Table 4: Alternatives to the recalibration operation.
| Method | PSNR | FLOPs | #Params |
|---|---|---|---|
| Mul.(Ours) | 33.67 | 14.34 | 1.23M |
| Add | 33.28 | 14.34 | 1.23M |
| Concat+CNN | 33.65 | 15.97 | 1.39M |
| Cross-att. | 35.98 | 16.76 | 1.55M |
| gconv [5] | 35.47 | 18.27 | 1.60M |
| Our Final | 38.26 | 16.65 | 1.32M |
Regarding the dynamic convolution in P2F, the method for generating attention weights plays a critical role. In our model, these weights are derived from a pixel-to-region affinity map. To assess the impact of this design, we conducted an additional experiment in which the attention weights were generated by directly adjusting the channel count of the peripheral features via a convolution layer. This alternative approach achieved only 34.15 dB in PSNR, which is significantly lower than the 36.64 dB obtained with our original design. This comparison highlights the importance of the attention weight generation strategy in the effectiveness of the dynamic convolution.
typo:
Sorry for the typo. The correct number of BioBlocks in the large model is [6,6,14,14,6,6,4]. We will fix it.
Reference
[1] Efficient frequency domain-based transformers for high-quality image deblurring, CVPR23.

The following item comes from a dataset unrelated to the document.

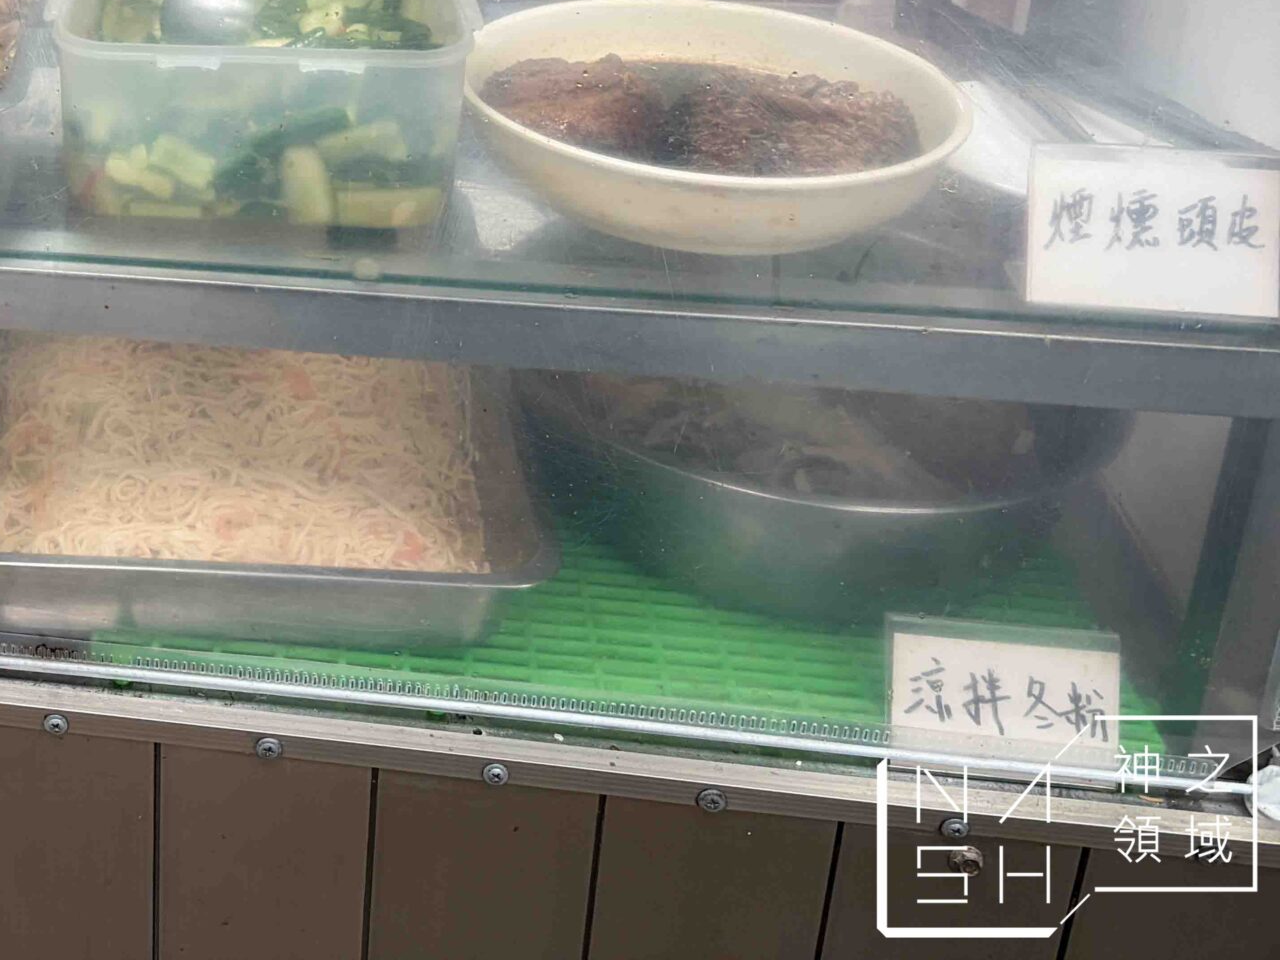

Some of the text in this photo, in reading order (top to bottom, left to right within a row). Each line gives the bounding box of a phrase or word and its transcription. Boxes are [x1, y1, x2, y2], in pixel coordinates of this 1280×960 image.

[1043, 188, 1266, 252] 煙燻頭皮
[904, 656, 1109, 742] 涼拌冬粉

[2] Correlation matching transformation transformers for uhd image restoration, AAAI24.
[3] Ultra-high-definition restoration: New benchmarks and a dual interaction prior-driven solution, arxiv24.
[4] From zero to detail: Deconstructing ultra-high-definition image restoration from progressive spectral perspective, CVPR25.

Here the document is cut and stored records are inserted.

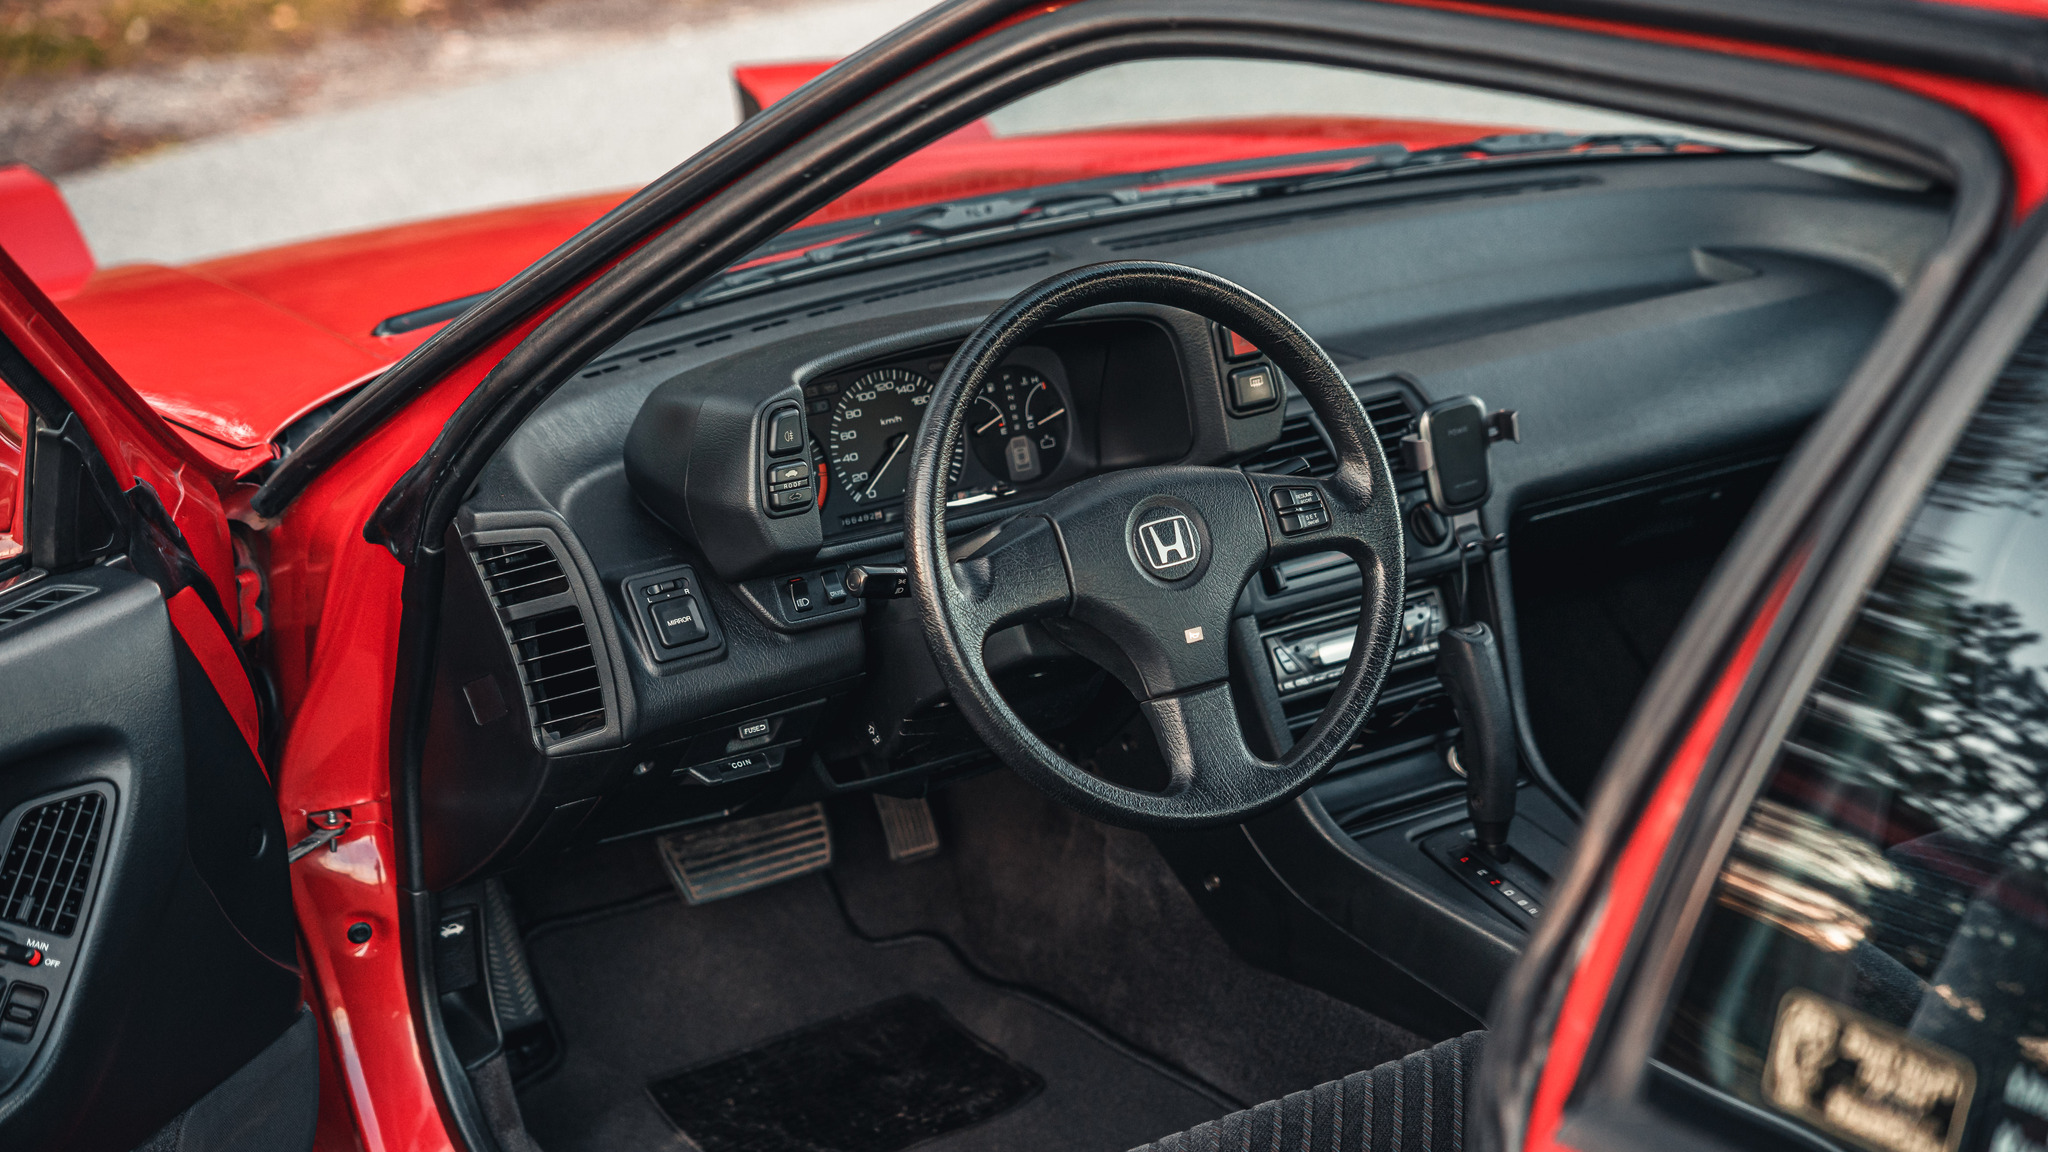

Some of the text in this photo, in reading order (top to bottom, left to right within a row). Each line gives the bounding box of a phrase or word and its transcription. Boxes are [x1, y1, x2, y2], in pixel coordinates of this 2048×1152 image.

[874, 381, 894, 392] 120
[895, 383, 915, 394] 140
[856, 391, 876, 401] 100
[911, 394, 930, 406] 160
[845, 409, 862, 419] 80
[880, 415, 902, 426] km/h
[840, 430, 857, 441] 60
[842, 452, 859, 462] 40
[851, 471, 868, 483] 20
[783, 481, 802, 490] ROOF
[867, 489, 877, 499] 0
[1305, 512, 1318, 521] SET
[666, 615, 692, 627] MIRROR
[744, 725, 760, 735] FUSE
[731, 759, 752, 769] COIN
[26, 938, 50, 951] MAIN
[44, 958, 61, 968] OFF

[5] HorNet: Efficient High-Order Spatial Interactions with Recursive Gated Convolutions, NeurIPS22.
Dear Reviewer imoR,
Could you please review the rebuttal and confirm whether the initial questions or concerns have been addressed? Your participation in this author-reviewer discussion would be greatly appreciated. Thank you very much for your time and effort.
Best,
AC
The paper received mostly positive feedback after the authors provided their rebuttal.
Initially, the reviewers expressed several main concerns, including a disconnect between the concept and its implementation, insufficient rigorous justifications, potential information loss due to pooling, unclear details regarding extrapolation, ambiguous terminology, inconsistent framing, and inadequate relevant ablation studies. The authors' rebuttal and additional experiments addressed most of these concerns. After the rebuttal and subsequent discussion, no further issues were raised.
Reviewer imoR, who had initially given a "borderline reject" rating, noted in the follow-up discussion that "the authors made a good rebuttal and addressed most of my concerns," and expressed a willingness to "increase the score from borderline reject to borderline accept."
The area chair concurs with the reviewers' overall evaluations and recommends accepting the paper.